Queues: backpressure with dead-letter queues for tool execution and batch jobs.

Data residency and isolation

Data classified at ingestion (PUBLIC / INTERNAL / CONFIDENTIAL / RESTRICTED).
Residency constraints enforced at the Conversation Manager and storage layers.
Cross-region replication excluded for RESTRICTED classes.

Runbooks (high level)

Provider outage: AI Gateway routes to an eligible alternate profile; degrade quality tier only within residency, capability, and budget constraints; log scorecard delta.
Latency spike: reduce context and graph hop budgets within policy, lower model route tier if allowed, and enable cache; do not silently drop required evidence.
Cost spike: enforce Run Budget caps, select lower-cost model profiles when policy allows, and use cached read-only aliases where valid; do not change approval-mode semantics for side-effecting tools.
KG index corruption: promote replica; replay from audit logs.
Audit store unavailability: refuse destructive actions; serve read_only and local_write only.

Reference SLOs (example)

Service	p95 latency	Availability	Notes
Conversation Manager	100 ms	99.95%	Envelope acceptance
Context Pack Compiler	250 ms	99.9%	Cached on hot paths
AI Gateway	300 ms	99.95%	Gateway overhead, excludes provider generation
LLM Router	50 ms	99.95%	Candidate filter + route decision
Knowledge Substrate (GraphRAG)	500 ms	99.9%	Snapshot-pinned
Memory Service (recall)	200 ms	99.9%	Tenant-scoped
Tool Gateway	1500 ms	99.9%	Includes adapter call
Policy Engine	100 ms	99.95%	Pre/mid/post
Audit store write	200 ms	99.99%	WORM-capable

Sizing assumptions (example)

Workload tiers

Tier 1 (Dev/PoC): 50 RPS, p95 2s, single region, soft multi-tenancy.
Tier 2 (Prod mid): 300 RPS, p95 1.5s, active/active regions, partial isolation.
Tier 3 (Regulated): 1000 RPS, p95 1.2s, hard tenant isolation, residency pinned.
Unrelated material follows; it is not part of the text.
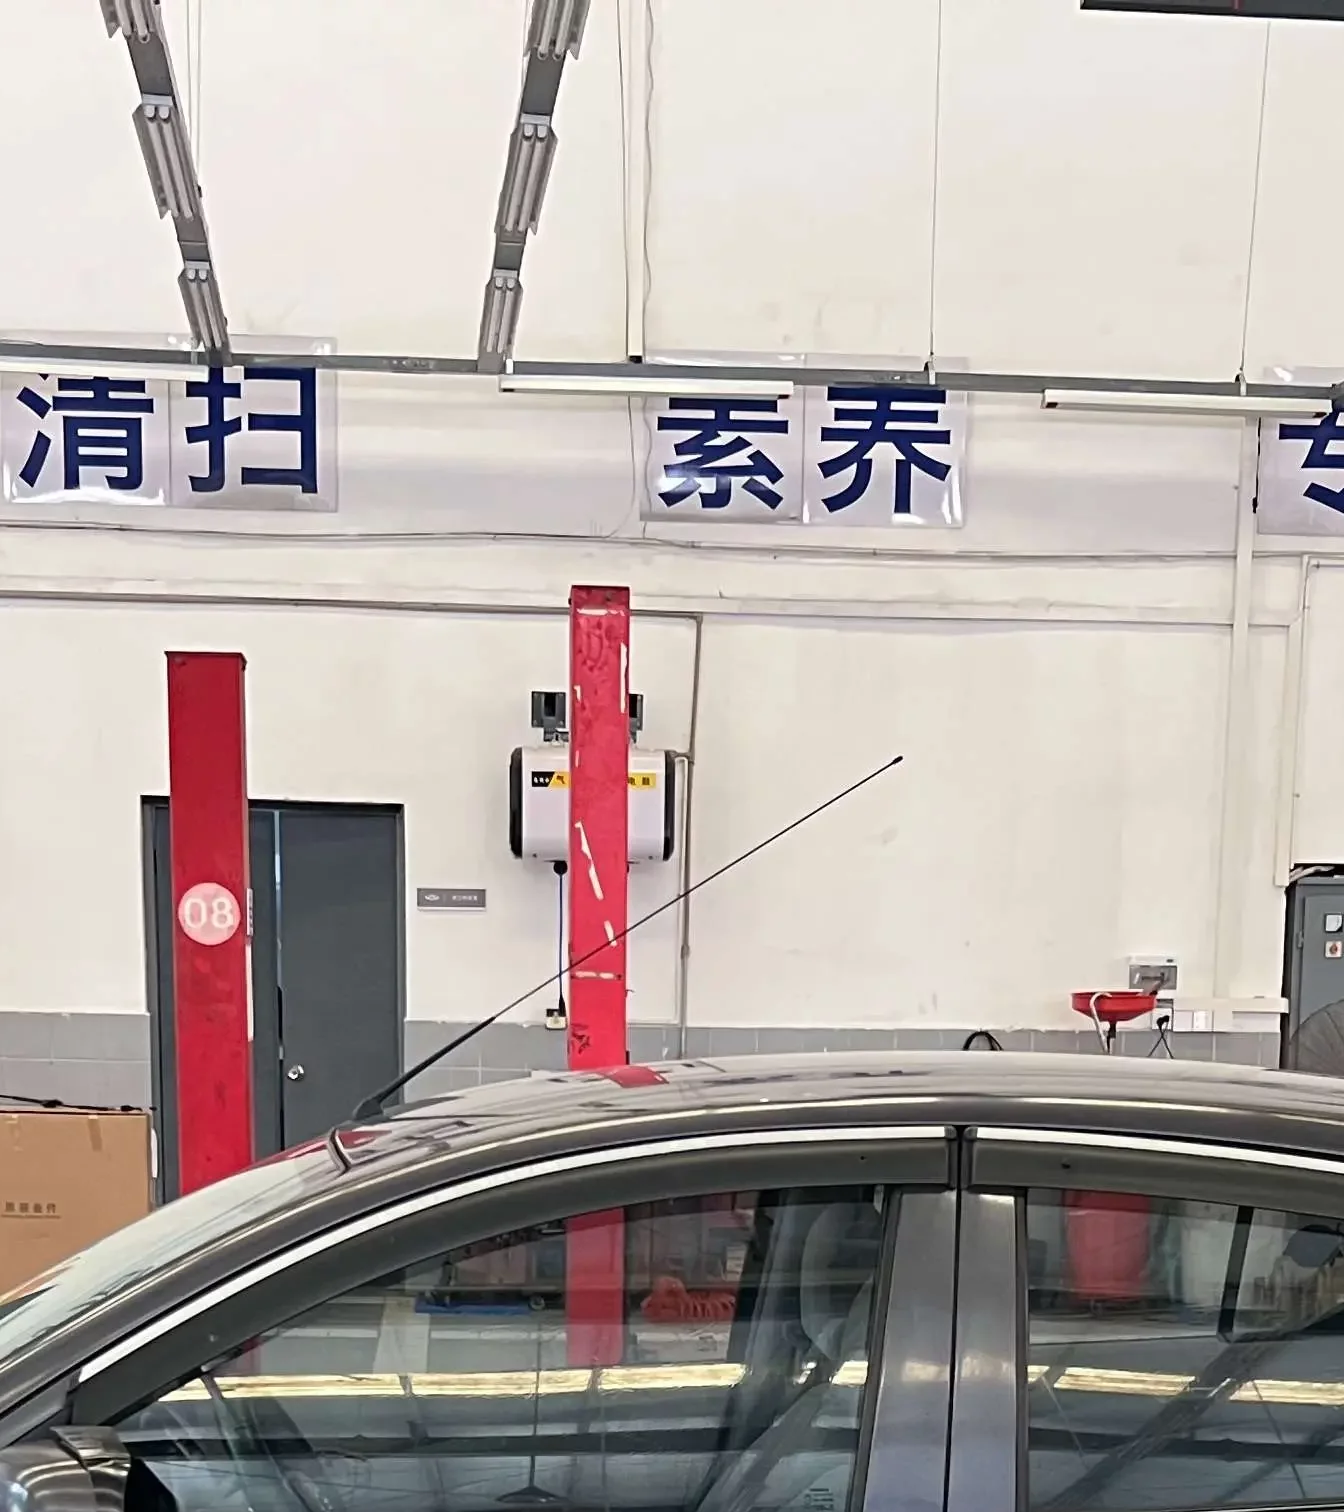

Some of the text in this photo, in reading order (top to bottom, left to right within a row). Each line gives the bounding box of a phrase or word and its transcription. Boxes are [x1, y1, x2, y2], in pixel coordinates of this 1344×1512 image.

[16, 367, 318, 494] 清扫
[657, 385, 952, 514] 素养
[184, 896, 234, 929] 08
Service baseline (per region)

Conversation Manager / Compiler / Orchestrator: 6–12 pods, 2 vCPU / 4 GB; autoscale by p95 latency.
AI Gateway / LLM Router: 4–8 pods, 1–2 vCPU / 2–4 GB; autoscale by in-flight model calls and router latency.
Policy Engine: 4–8 pods, 1 vCPU / 2 GB; CPU-bound.
Knowledge Substrate: 6–10 pods, 4 vCPU / 8 GB; memory-heavy.
Memory Service: 4–8 pods, 2 vCPU / 4 GB; latency-sensitive.
Vector index: 3–6 shards, 8 vCPU / 32 GB; shard by tenant.
Graph store: 3 nodes, 8 vCPU / 32 GB; replicated.
Audit store: append-only; WORM-capable storage with daily compaction.